Each record here should be printed again exactly; please leave its pictures out.

── Dataset entries ──

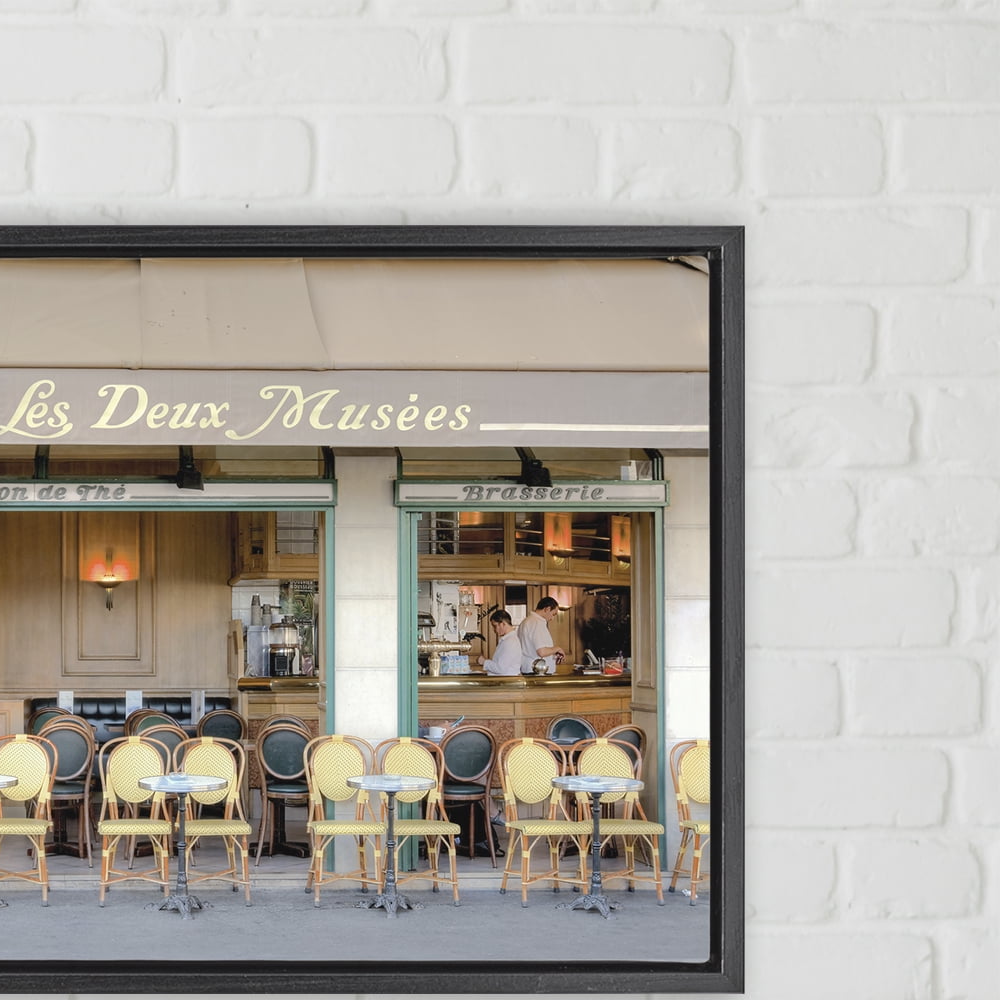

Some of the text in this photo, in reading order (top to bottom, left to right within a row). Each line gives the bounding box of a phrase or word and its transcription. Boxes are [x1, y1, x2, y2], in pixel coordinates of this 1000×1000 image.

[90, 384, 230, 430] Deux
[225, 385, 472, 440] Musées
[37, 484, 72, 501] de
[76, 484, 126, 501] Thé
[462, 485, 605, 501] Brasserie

───

→ **Task answer**
Some of the text in this photo, in reading order (top to bottom, left to right within a row). Each line gives the bounding box of a phrase or word and its transcription. Boxes are [x1, y1, x2, y2], in pixel coordinates of this 1000×1000 image.

[90, 384, 230, 430] Deux
[225, 385, 472, 440] Musées
[37, 484, 72, 501] de
[76, 484, 126, 501] Thé
[462, 485, 605, 501] Brasserie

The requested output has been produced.